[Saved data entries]
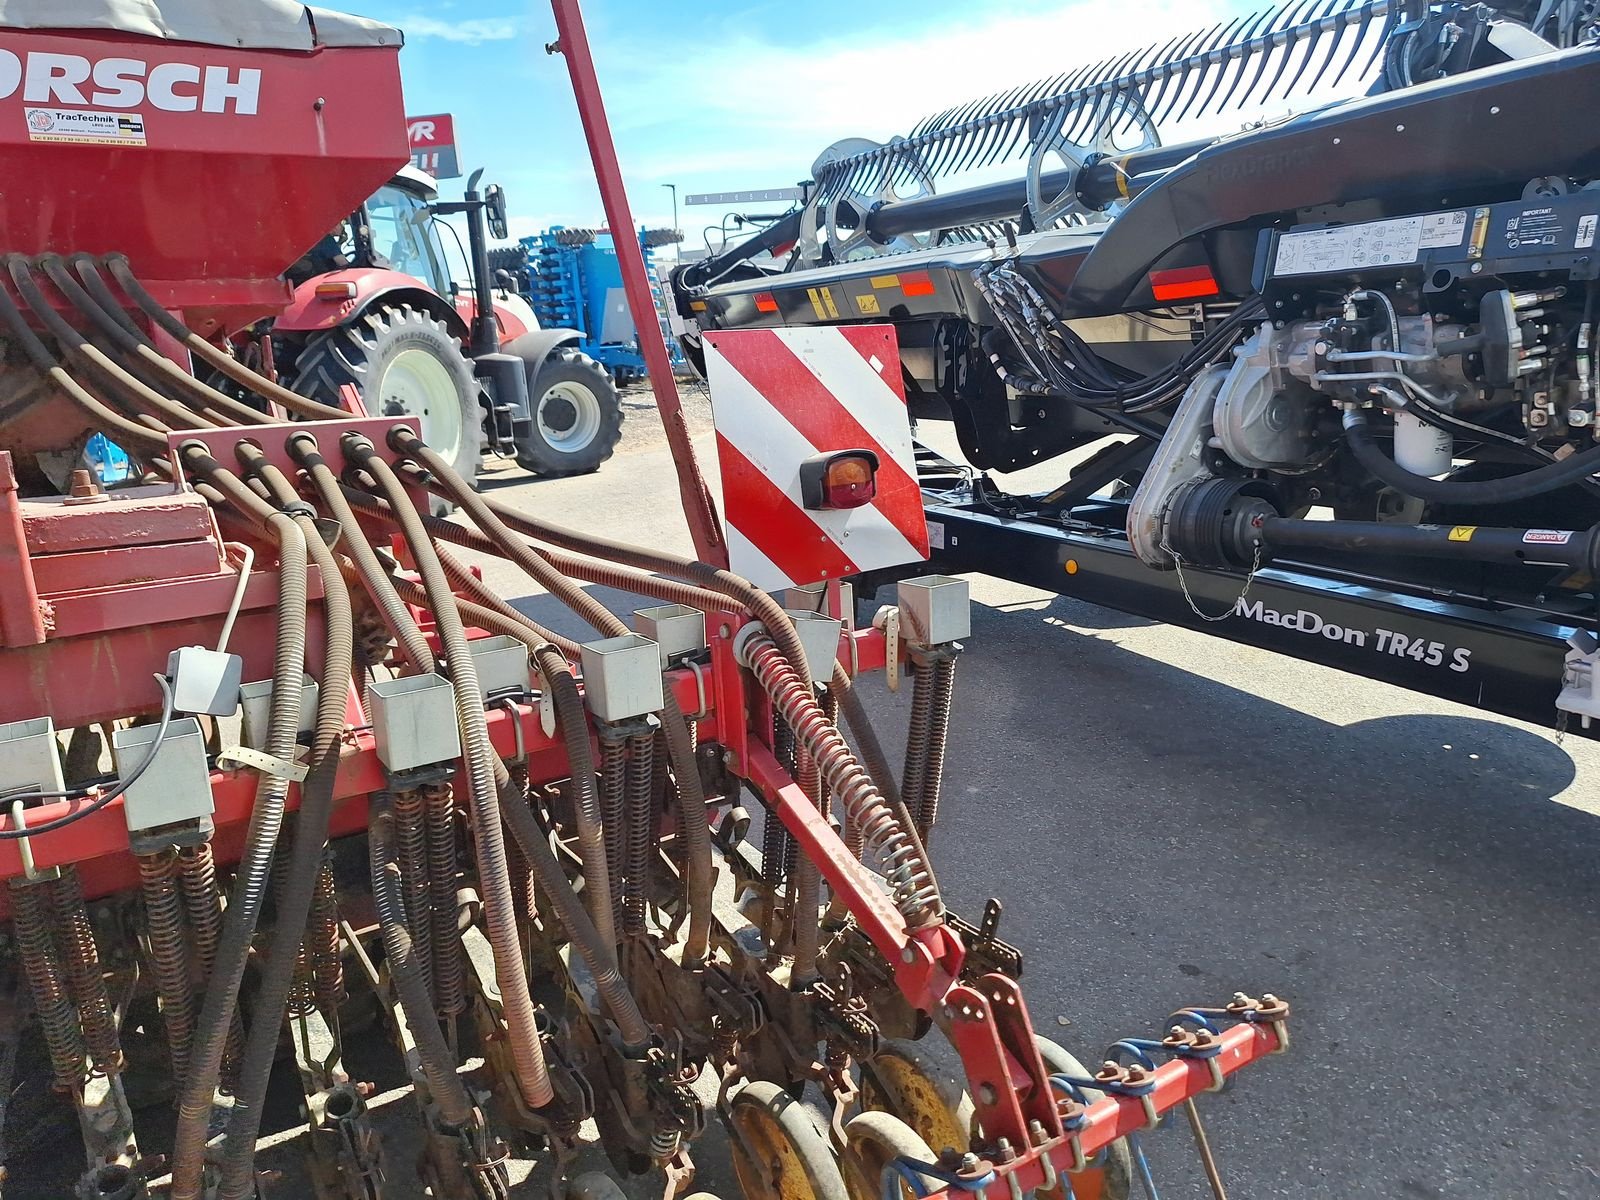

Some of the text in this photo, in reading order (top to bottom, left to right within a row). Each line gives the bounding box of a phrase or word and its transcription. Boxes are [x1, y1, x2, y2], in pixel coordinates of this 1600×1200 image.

[55, 112, 114, 123] TracTechnik
[1522, 207, 1553, 216] IMPORTANT
[1526, 533, 1558, 541] DANGER
[1235, 597, 1472, 673] MacDon TR45 S
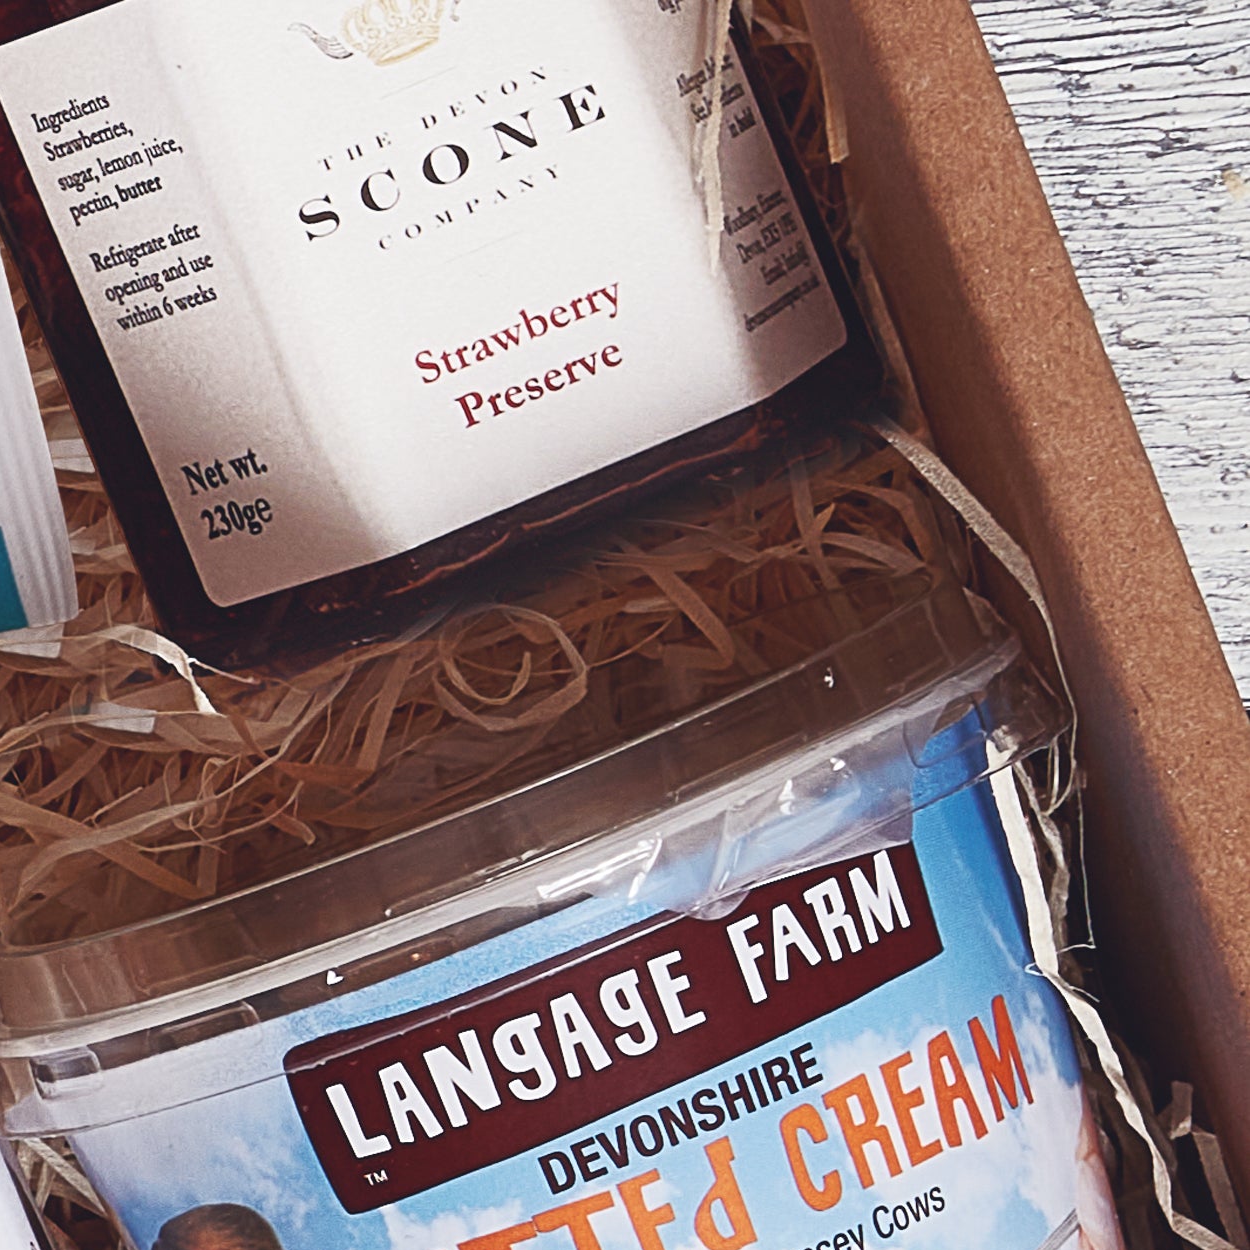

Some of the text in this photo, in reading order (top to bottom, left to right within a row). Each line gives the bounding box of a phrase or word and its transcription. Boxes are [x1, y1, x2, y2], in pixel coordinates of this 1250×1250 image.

[31, 94, 110, 133] Ingredients
[43, 118, 133, 162] Strawberries,
[318, 66, 549, 172] THE DEVON
[57, 133, 184, 193] sugar, lemon juice,
[298, 84, 606, 242] SCONE
[69, 175, 163, 226] pectin, butter
[378, 163, 561, 251] COMPANY
[89, 222, 201, 272] Refrigerate after
[104, 253, 214, 304] opening and use
[117, 284, 218, 331] within 6 weeks
[414, 282, 620, 385] Strawberry
[454, 343, 623, 429] Preserve
[181, 447, 268, 496] Net wt.
[726, 850, 912, 1003] FARM
[537, 1043, 824, 1195] DEVONSHIRE
[779, 995, 1034, 1211] CREAM
[872, 1186, 946, 1240] Cows
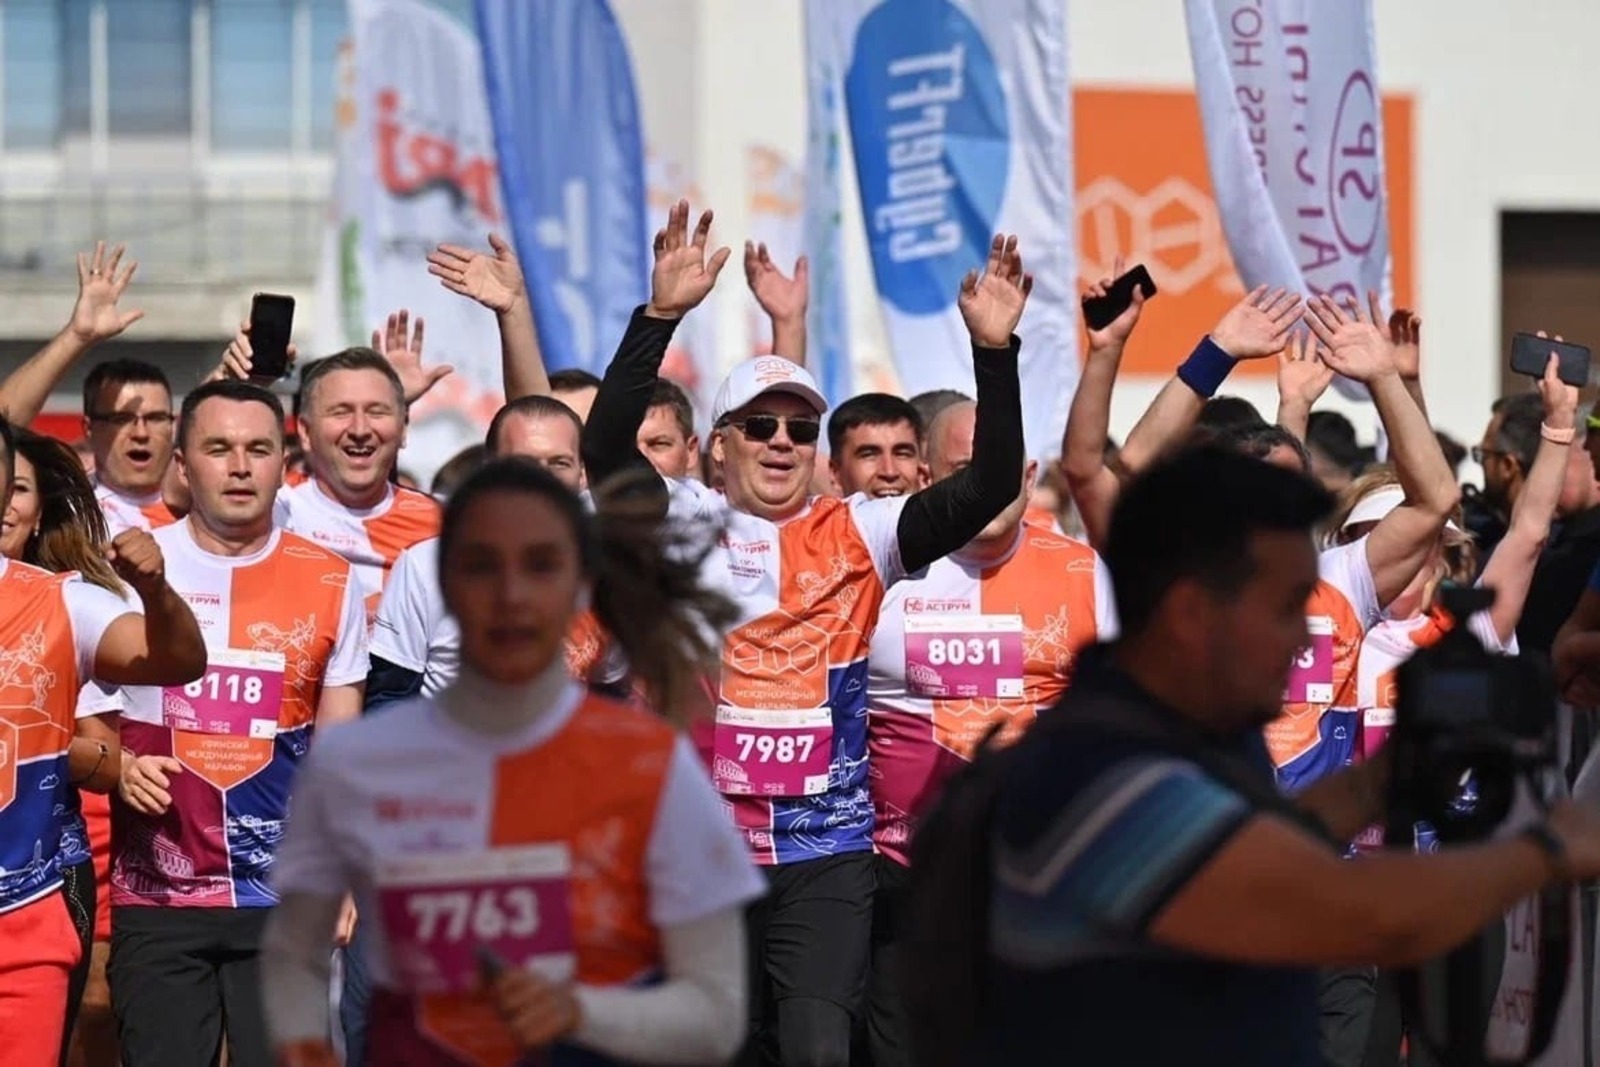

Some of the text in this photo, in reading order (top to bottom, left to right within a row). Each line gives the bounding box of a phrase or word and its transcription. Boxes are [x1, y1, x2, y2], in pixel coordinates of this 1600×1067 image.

[925, 602, 971, 612] АСТРУМ
[928, 637, 1001, 666] 8031
[184, 672, 263, 704] 8118
[254, 724, 261, 734] 2
[185, 749, 263, 761] МЕЖДУНАРОДНЫЙ
[735, 732, 815, 764] 7987
[407, 887, 539, 941] 7763

* [Task description] Every record above must be copied exactly, and no picture may appear in the copy.

* [Answer to the problem]
Some of the text in this photo, in reading order (top to bottom, left to right within a row). Each line gives the bounding box of a phrase or word and its transcription. Boxes are [x1, y1, x2, y2], in pixel coordinates of this 1600×1200 image.

[55, 112, 114, 123] TracTechnik
[1522, 207, 1553, 216] IMPORTANT
[1526, 533, 1558, 541] DANGER
[1235, 597, 1472, 673] MacDon TR45 S

Some of the text in this photo, in reading order (top to bottom, left to right within a row). Each line gives the bounding box of a phrase or word and its transcription. Boxes are [x1, y1, x2, y2], in pixel coordinates of this 1250×1250 image.

[31, 94, 110, 133] Ingredients
[43, 118, 133, 162] Strawberries,
[318, 66, 549, 172] THE DEVON
[57, 133, 184, 193] sugar, lemon juice,
[298, 84, 606, 242] SCONE
[69, 175, 163, 226] pectin, butter
[378, 163, 561, 251] COMPANY
[89, 222, 201, 272] Refrigerate after
[104, 253, 214, 304] opening and use
[117, 284, 218, 331] within 6 weeks
[414, 282, 620, 385] Strawberry
[454, 343, 623, 429] Preserve
[181, 447, 268, 496] Net wt.
[726, 850, 912, 1003] FARM
[537, 1043, 824, 1195] DEVONSHIRE
[779, 995, 1034, 1211] CREAM
[872, 1186, 946, 1240] Cows

Some of the text in this photo, in reading order (top to bottom, left to right within a row). Each line gives the bounding box of a phrase or word and its transcription. Boxes are [x1, y1, x2, y2], in pixel coordinates of this 1600×1067 image.

[925, 602, 971, 612] АСТРУМ
[928, 637, 1001, 666] 8031
[184, 672, 263, 704] 8118
[254, 724, 261, 734] 2
[185, 749, 263, 761] МЕЖДУНАРОДНЫЙ
[735, 732, 815, 764] 7987
[407, 887, 539, 941] 7763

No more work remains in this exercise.